In the end, I don't manage to ask. Not that night. Not any of the others that follow.

I keep telling myself I should find the right time. Catch him in a good mood, maximize my chances of success.

But Matvey's never in a good mood anymore.

When he comes home, he's as silent as the grave. If I try to coax him out of his shell with a joke, he'll only give me the ghost of a smile. A twitch of his lips at best, and then it's gone just as quickly as it came.

While we're eating, he doesn't look at me. He doesn't speak to me, doesn't ask about my day. Even after Dr. Allan's visits, I'm the one who volunteers the information. I've started to suspect he's got someone looking into her files just to avoid having to bring it up with me. Having to bring anything up with me.

Except at night.

"Couldn't sleep?" I yawn from my room's doorway.

Matvey's head turns to me. "Just getting some water."

"Any chance I can get some, too?"

It's a new routine of sorts. When the moon is high and we're both losing our battle with sleep, we'll meet here, in the kitchen. It's always well past midnight, and there's never a single light on.

But at least, while we're here, Matvey will look at me.

I don't know why the night's different. Maybe it's the dark that makes it easier. Maybe we're both just really thirsty. Either way, I've begun to look forward to these quiet, honest moments. With family dinners having turned into grim staring contests between us and our plates, it's the only chance I get to truly see him again.

"Thanks." I accept the full glass from his hands. "Is work giving you trouble?"
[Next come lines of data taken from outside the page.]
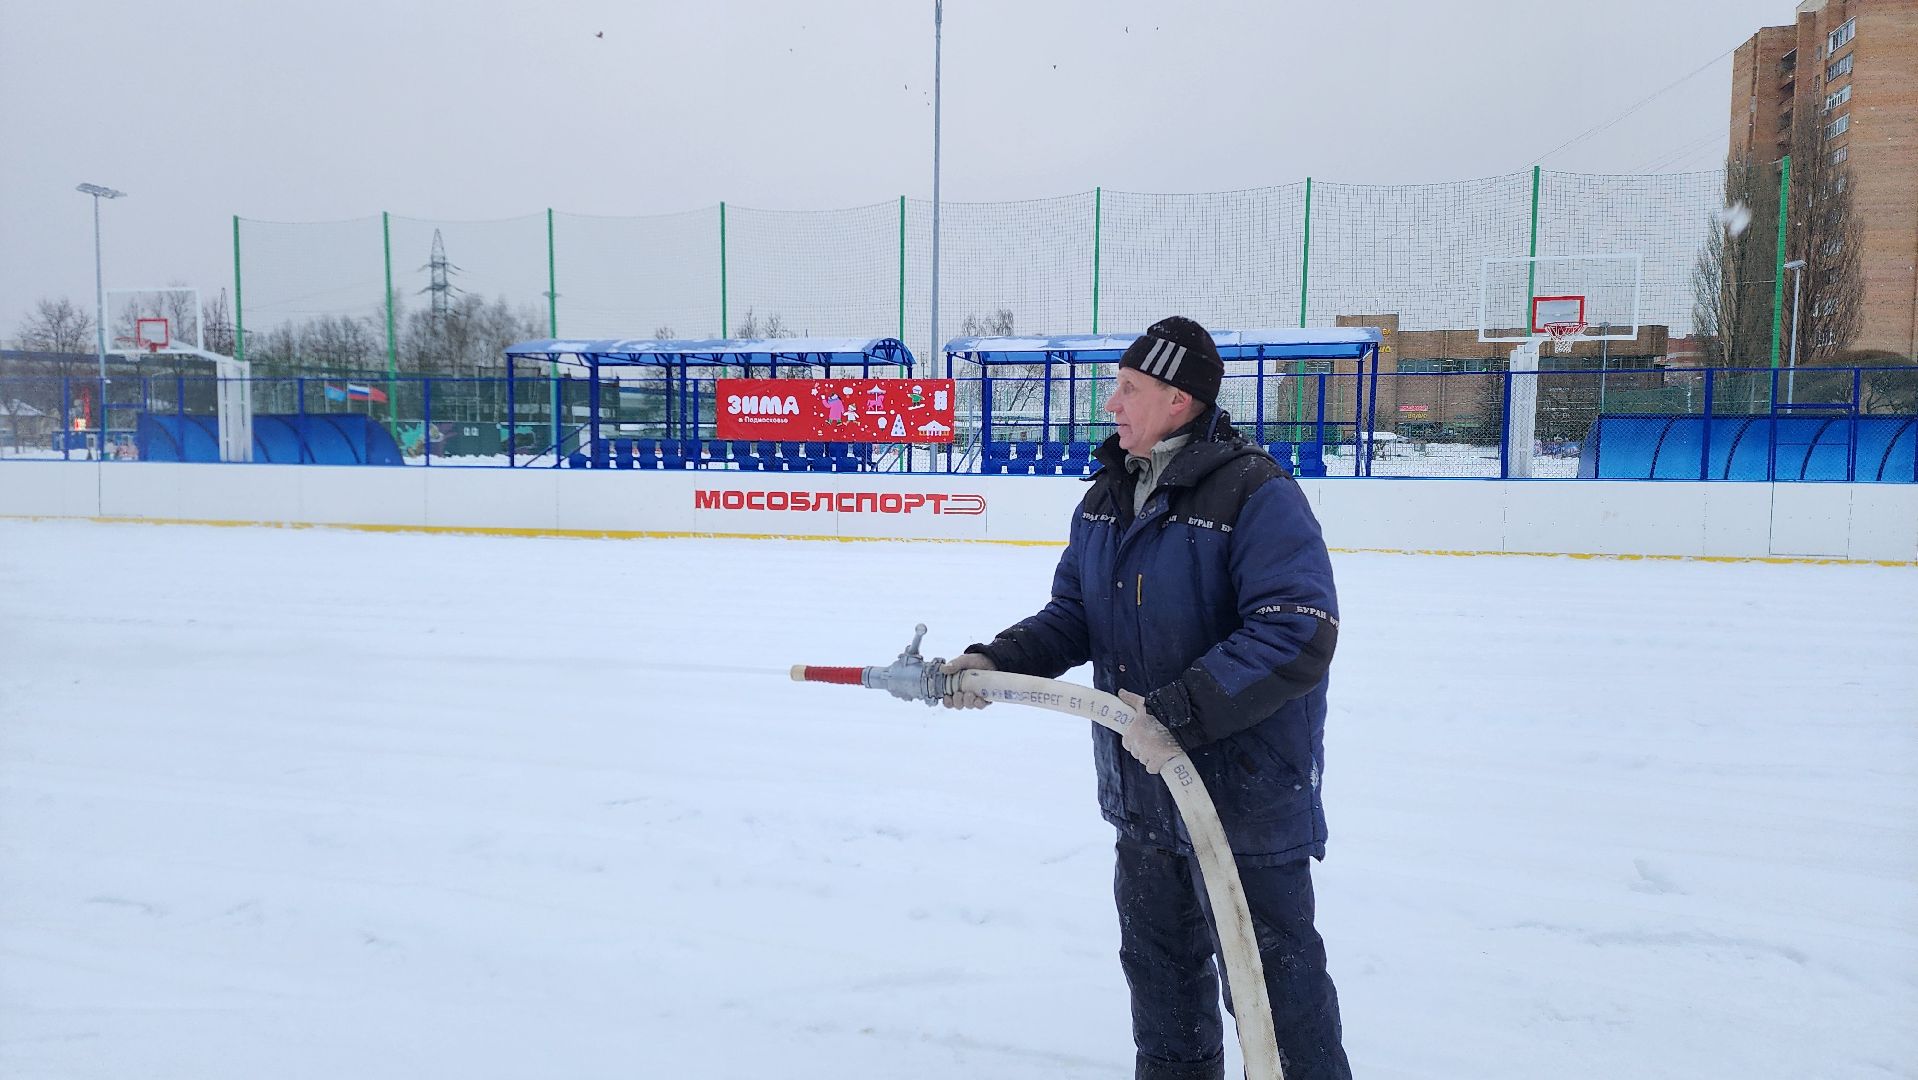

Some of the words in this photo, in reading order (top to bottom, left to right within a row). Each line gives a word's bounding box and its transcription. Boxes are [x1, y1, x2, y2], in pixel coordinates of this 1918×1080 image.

[727, 394, 799, 415] ЗИМА
[744, 415, 789, 424] Подмосковье
[695, 490, 951, 515] МОСОБЛСПОРТ
[1188, 516, 1215, 529] БУРАН
[1295, 605, 1328, 620] БУРАН
[1070, 696, 1082, 709] 51
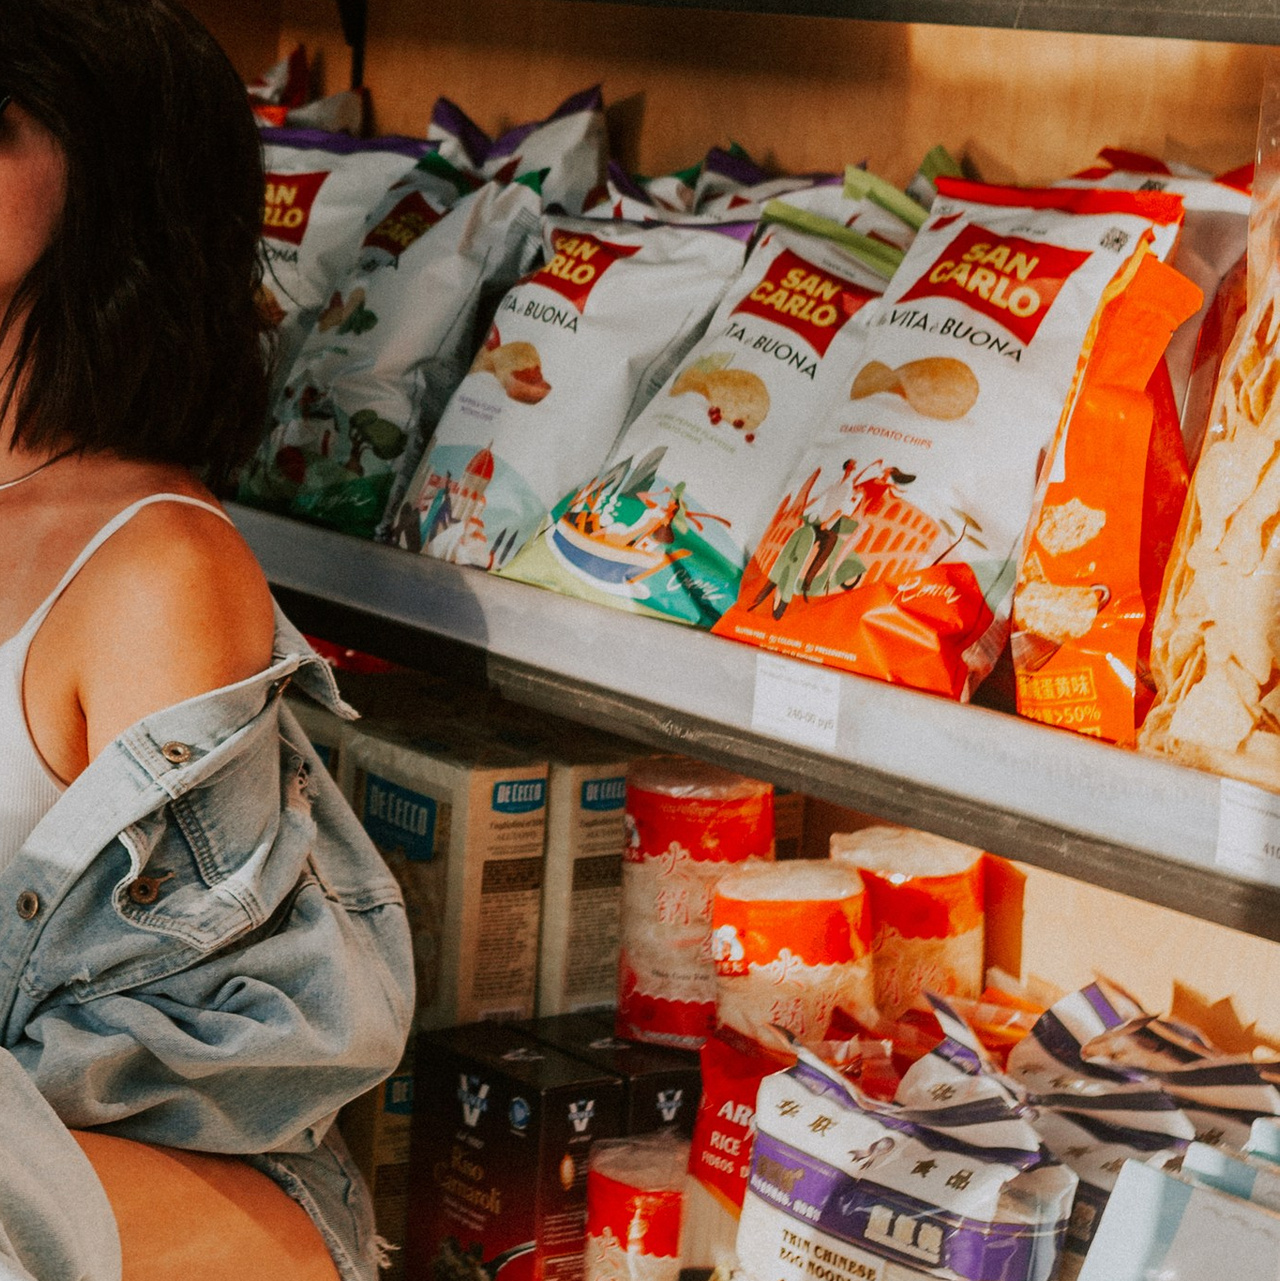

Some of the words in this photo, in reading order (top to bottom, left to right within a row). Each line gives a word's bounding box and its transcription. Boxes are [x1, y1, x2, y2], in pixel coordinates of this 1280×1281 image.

[264, 183, 298, 206] AN
[544, 254, 596, 284] RLO
[962, 243, 1040, 281] SAN
[780, 268, 842, 302] SAN
[929, 261, 1041, 318] CARLO
[524, 301, 579, 333] BUONA
[750, 281, 838, 327] CARLO
[889, 310, 929, 332] VITA
[940, 318, 1023, 363] BUONA
[752, 335, 818, 380] BUONA
[866, 425, 903, 441] POTATO
[903, 434, 933, 449] CHIPS
[710, 1131, 742, 1156] RICE
[783, 1229, 811, 1252] THIN
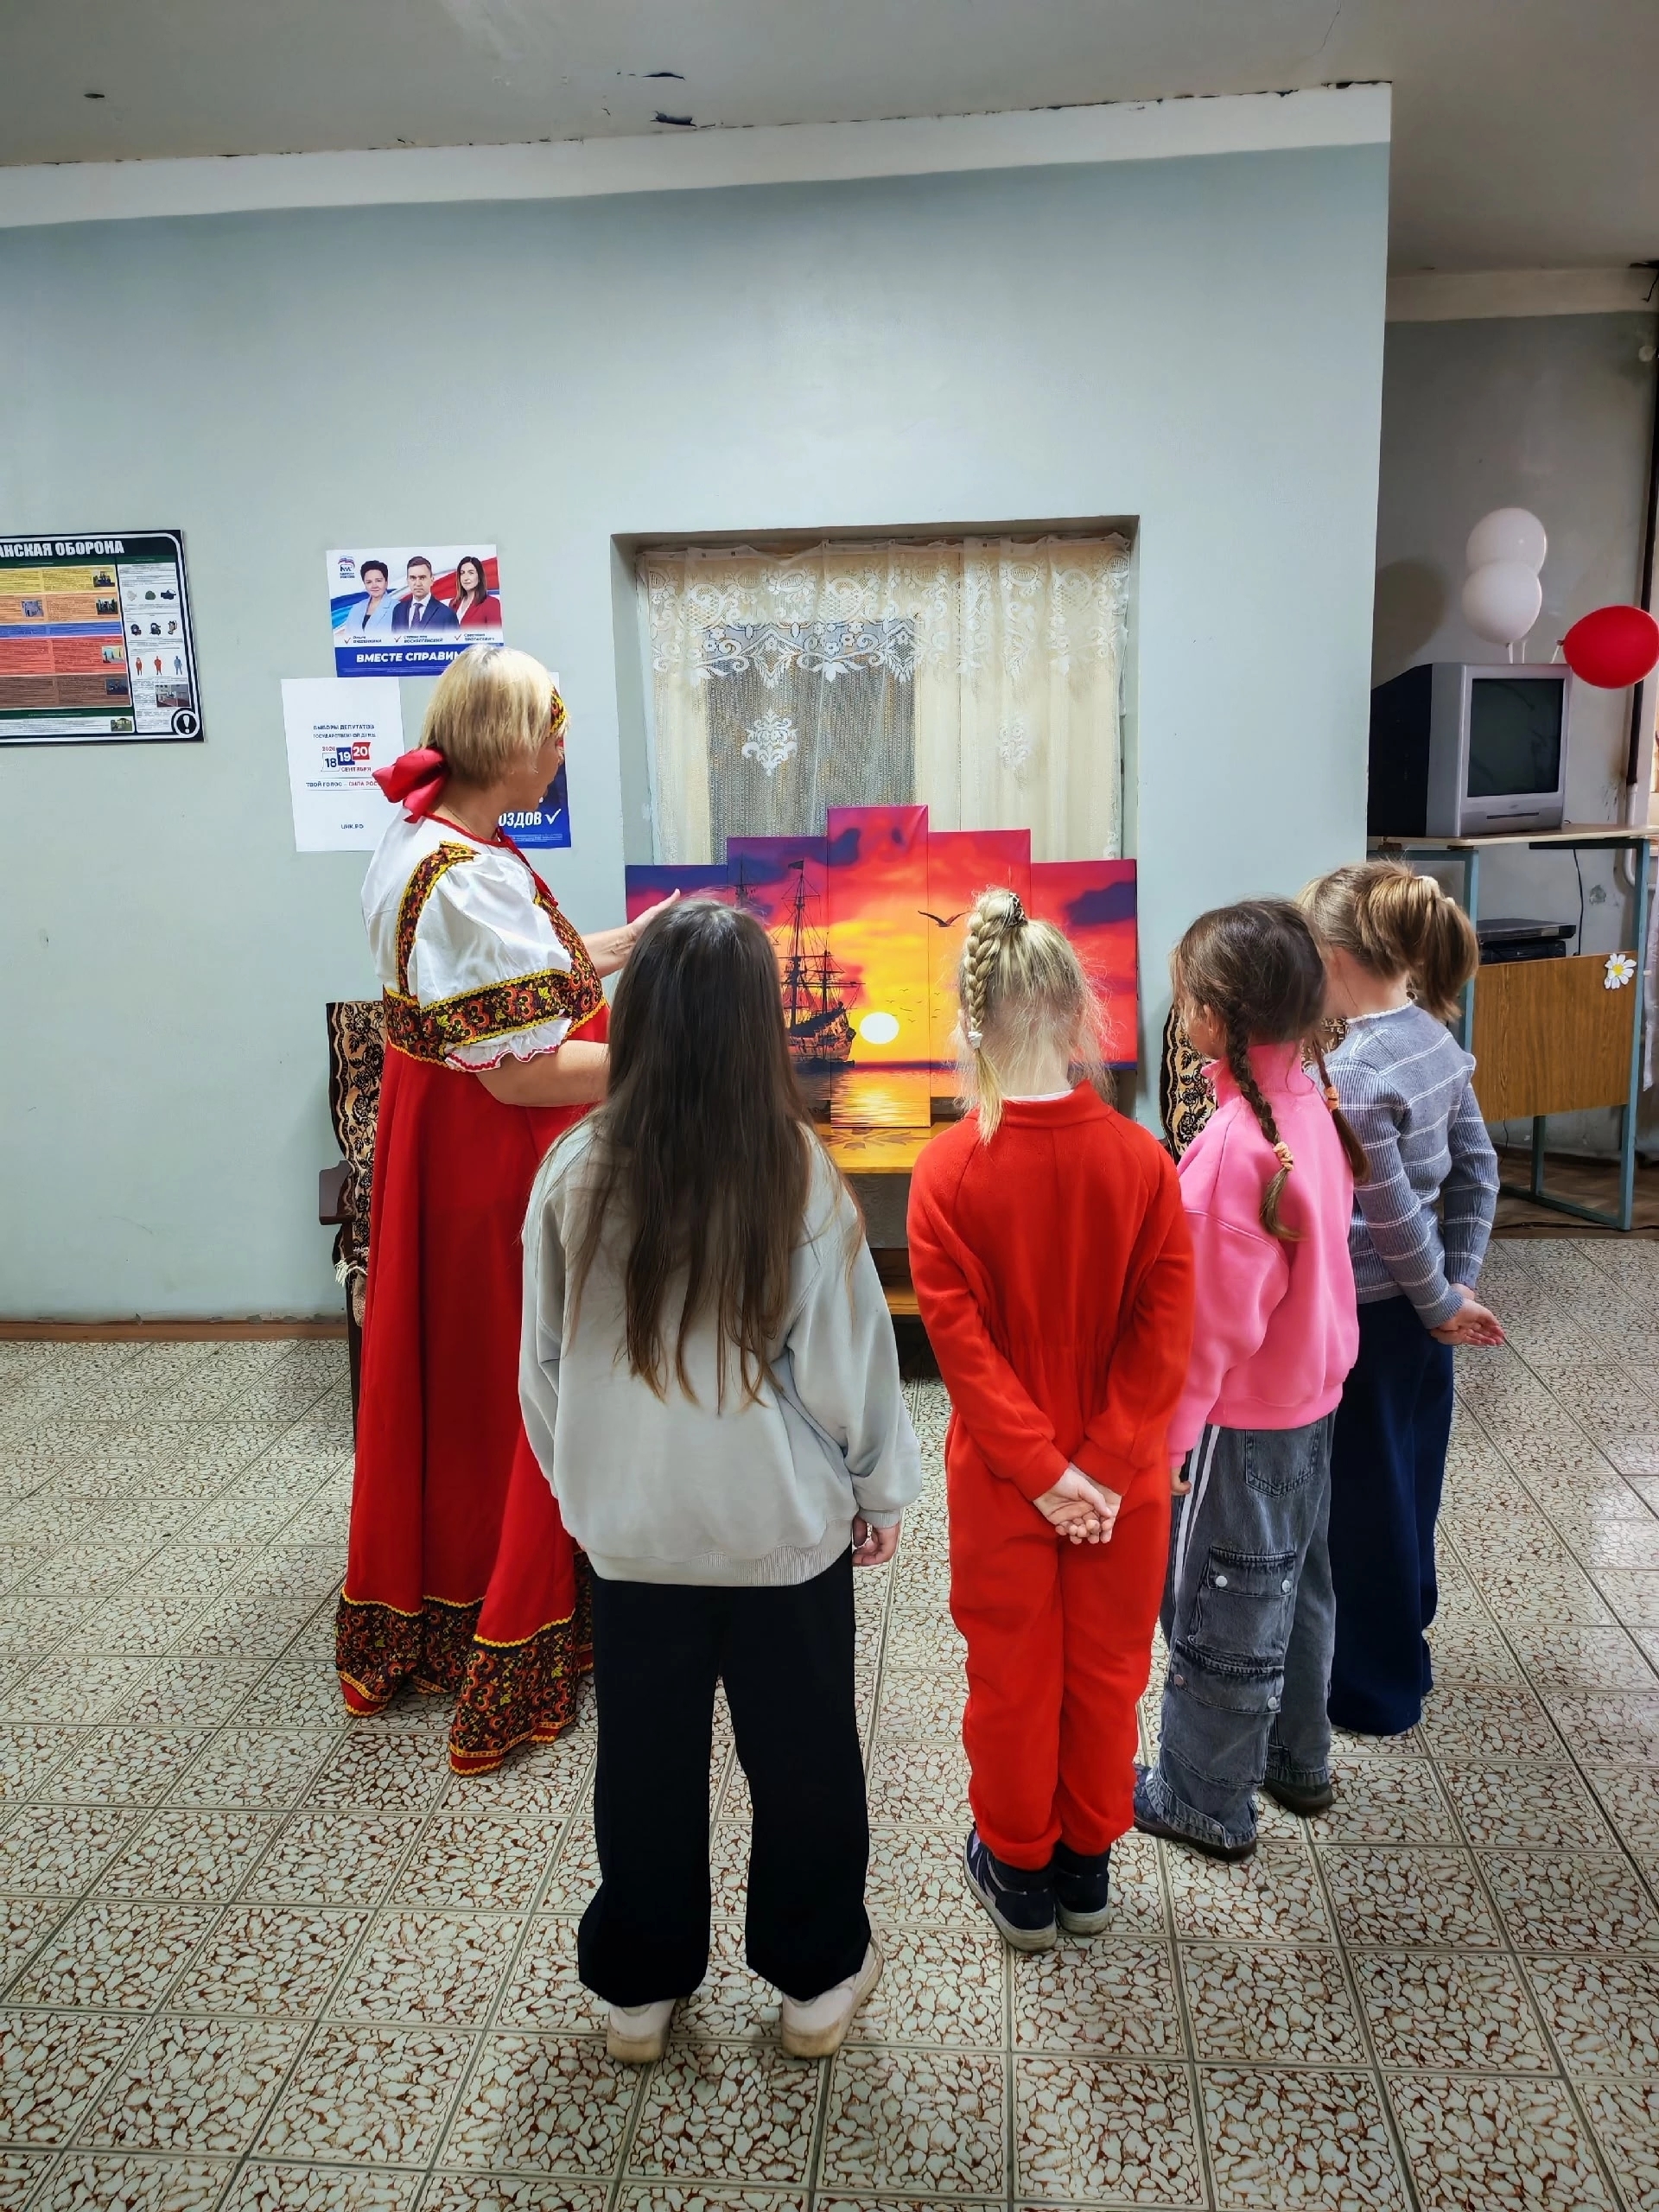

Matvey shrugs. "Something like that."

"The tough life of a Peking."

" Pakhan. "

"One day, I'll remember how to say that."

I can't be sure in the dark, but I think I glimpse a smile pulling at the corner of his lips. "I'll believe it when I see it."

It makes my heart ache.

"Your work seems to be going well," Matvey comments. "A little too well, even."

"Oh, don't start growling now," I laugh. "I asked Elias for the extra load."

For once, Matvey doesn't press. Maybe a part of him is aware of the why . Maybe he'd rather keep the pretense alive.

Sounds like we've been doing that a lot lately: pretending .

"You like it," Matvey says in the end. "Sewing."

"I do, yeah," I reply. "It's the only thing I've ever known how to do. The only thing that's ever felt good."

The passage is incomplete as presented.